Descenso a los infiernos

Queridos, hay algo espeluznante en la evolución de los rasgos faciales de determinados individuos. Siempre he pensado que Angelina Jolie con treinta años más será monstruosa, sobre todo porque Jon Voight, aka su pasaporte genético, podía hacer de cowboy de medianoche hace cuarenta años y miradlo ahora.

Lo que determina la monstruosidad de ciertos rasgos faciales no está muy claro. Probablemente sea la combinación de cirujía, alcohol, drogas y fama, pero creo que hay algo más, un cierto tipo óseo o una condición genética, no sé. Así ciertos individuos pasarían en unos años de relativos iconos sexuales a scary monsters que no te quieres encontrar ni en la parada del autobús.

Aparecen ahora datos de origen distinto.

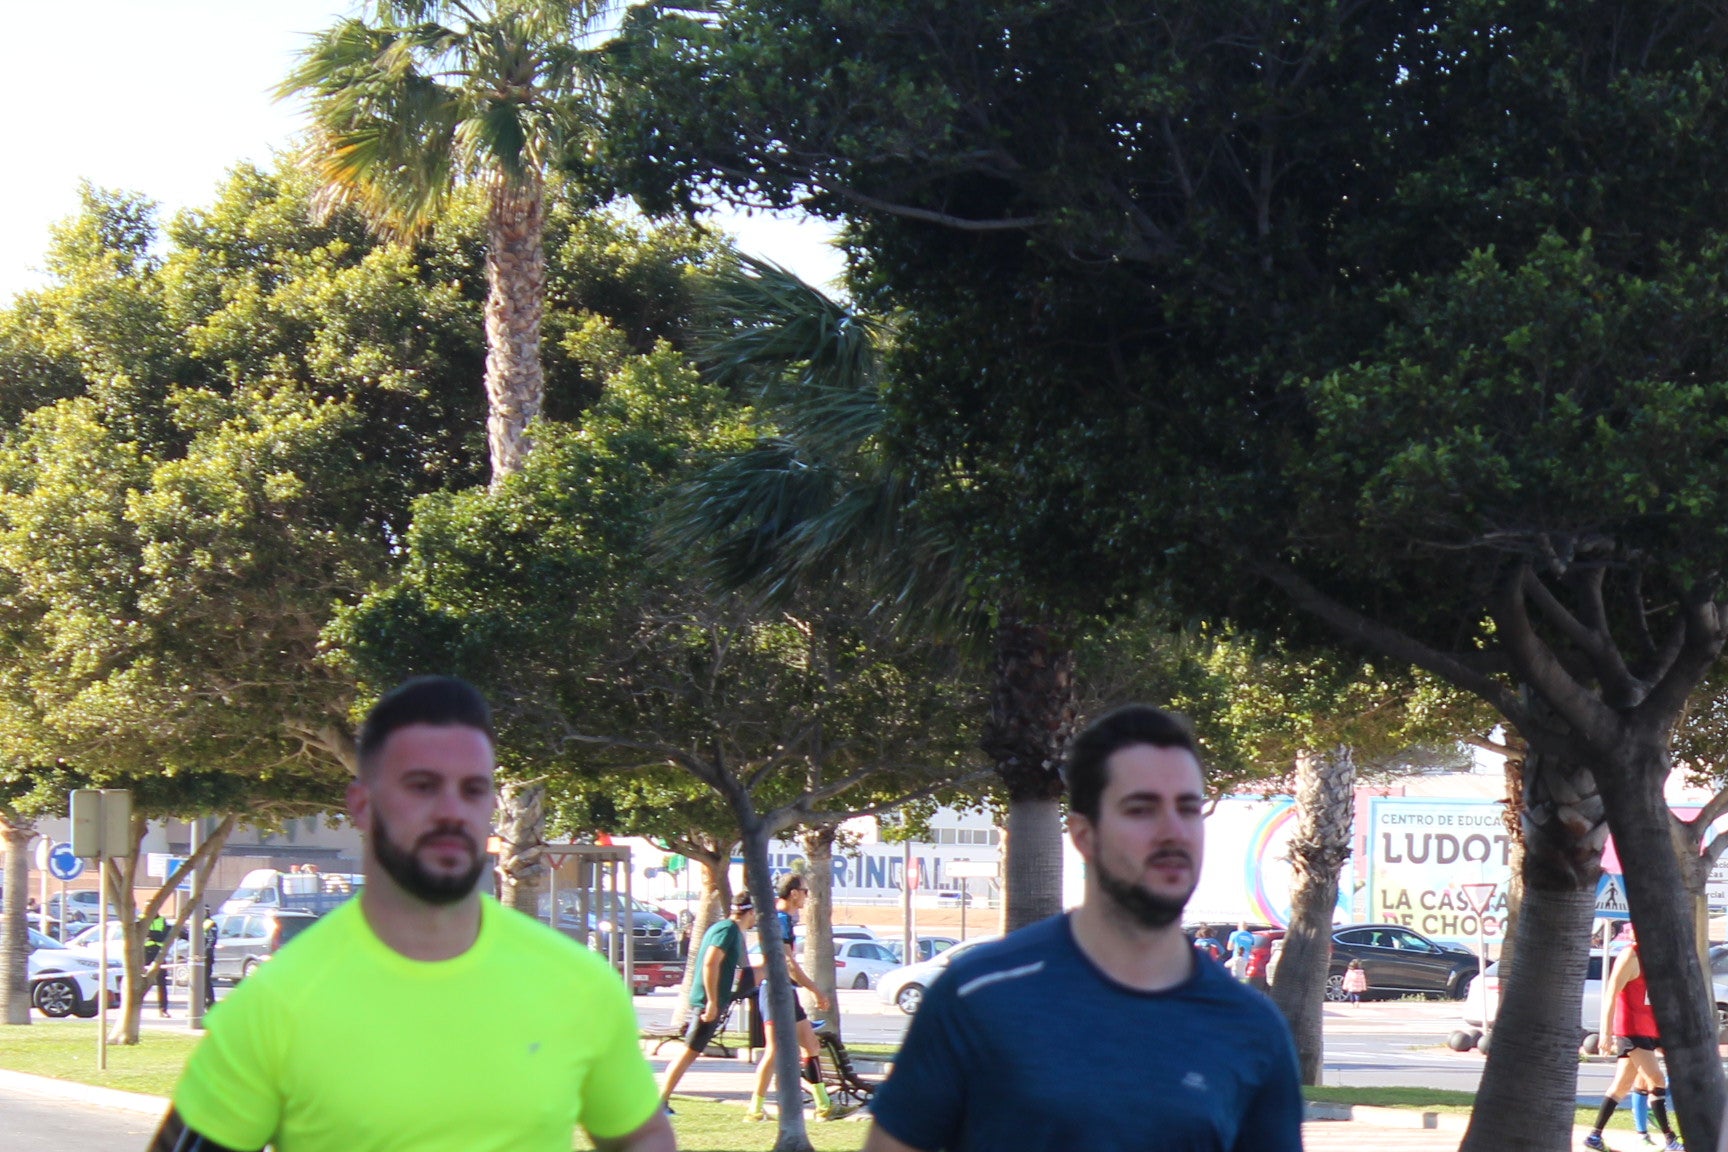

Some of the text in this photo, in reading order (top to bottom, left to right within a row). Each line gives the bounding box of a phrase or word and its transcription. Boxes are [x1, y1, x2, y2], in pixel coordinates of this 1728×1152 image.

[1381, 814, 1501, 827] CENTRO DE EDUCA
[1381, 889, 1412, 910] LA
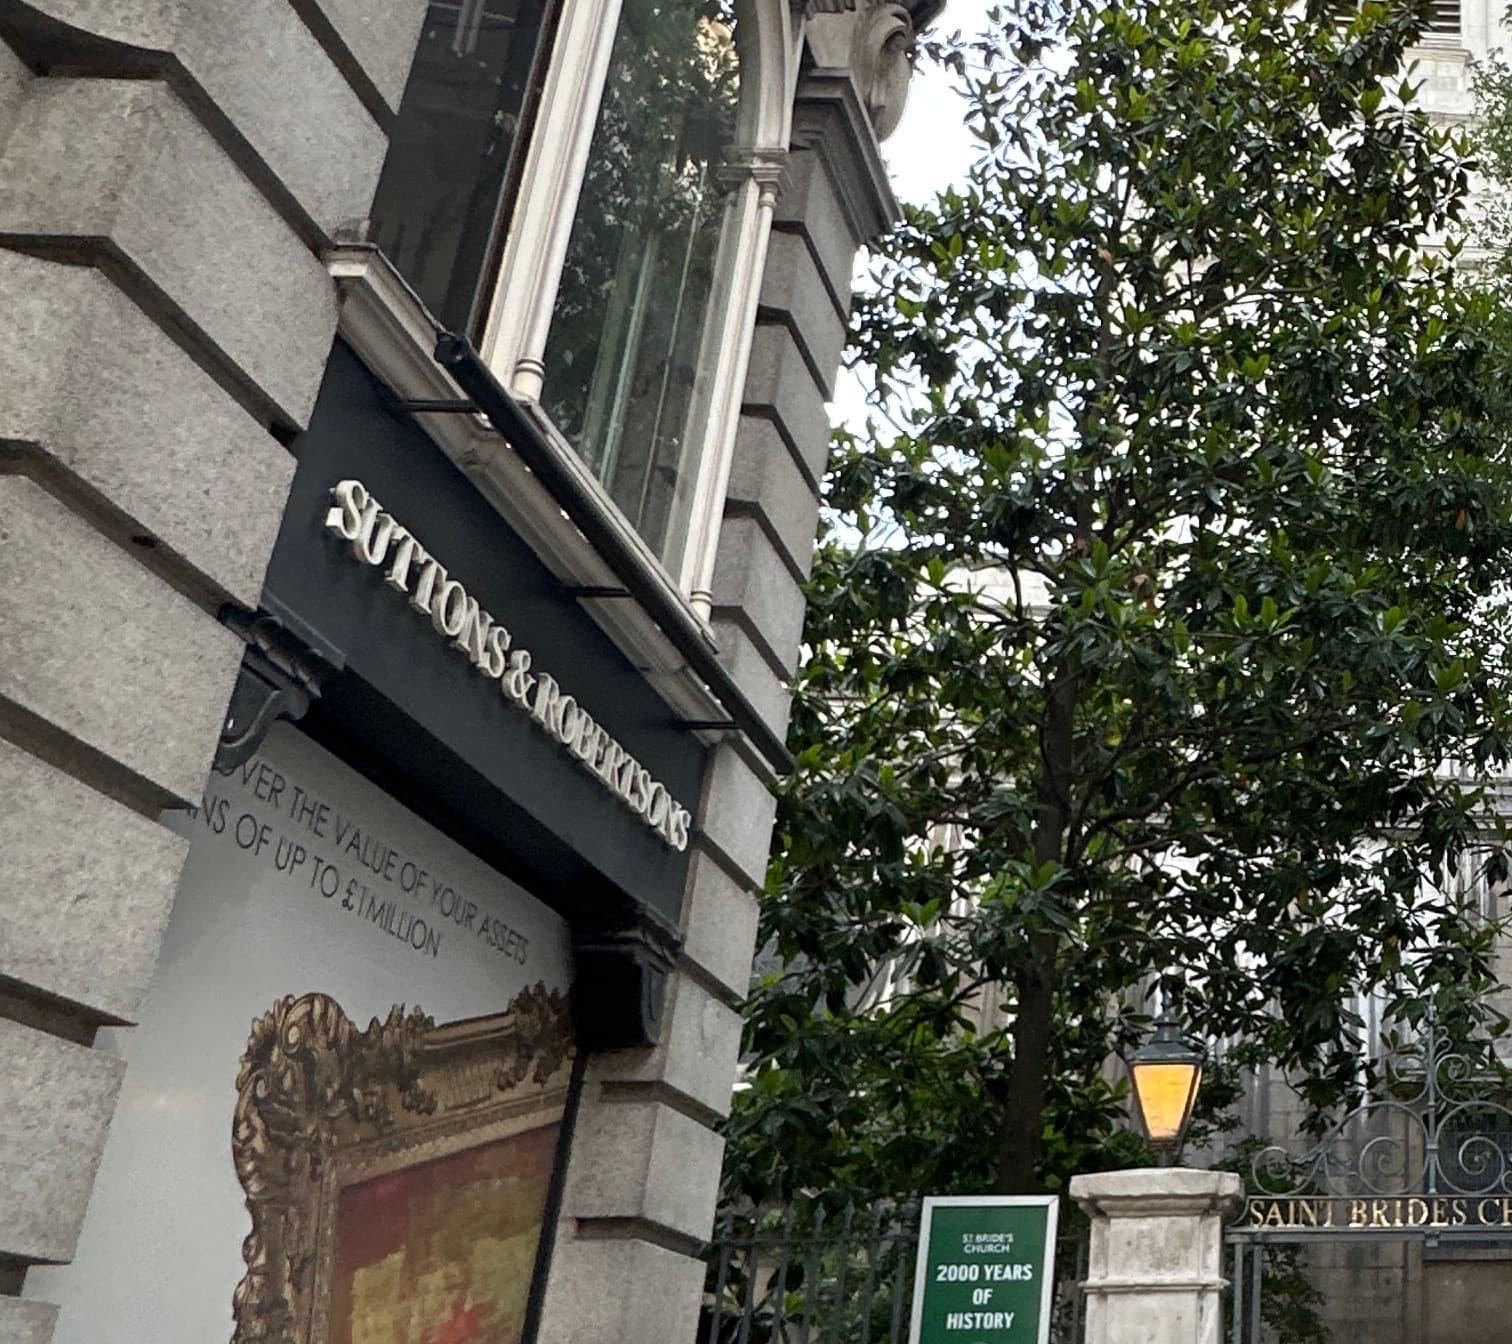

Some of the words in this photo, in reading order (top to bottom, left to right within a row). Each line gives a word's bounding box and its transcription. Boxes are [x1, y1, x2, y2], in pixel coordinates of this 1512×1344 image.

El ejemplo clásico es Mickey Rourke, que en los ochenta, recordémoslo, era un pin up. No hay más que ver ‘Rumble fish’. Pero ahora, como todos sabemos, Mickey es esto.

No sé si alguien se acuerda de Richard Grieco, que era un Johnny Depp wannabe cualquiera en los ochenta y que aparecía en superpops y demás, pero que ahora se ha convertido en el extra número doscientos del Planeta de los Apios y por consiguiente amigo de Jacko y de Jélena. Postdata: creo que sigue depilándose las cejas mogollón.

El caso de Patrick Swayze me parece particularmente horrible. Patrick was so pretty! Si yo fuera su agente todavía estaría demandando al cirujano plástico. Además, hay algo en su expresión que te hace visualizarlo en un geriátrico, completamente arruinado y sin familia. Iiih.

Pero lo peor de todo es cuando un inepto coge por banda a una auténtica estatua griega , le hace un lifting con subida de cejas, or whatever, y consigue que nos preguntemos por la belleza perdida. Snif. Perdonadme por atentar contra Rupert.

Liberad al mundo de cirujanos plásticos nefastos, for the sake of our blog!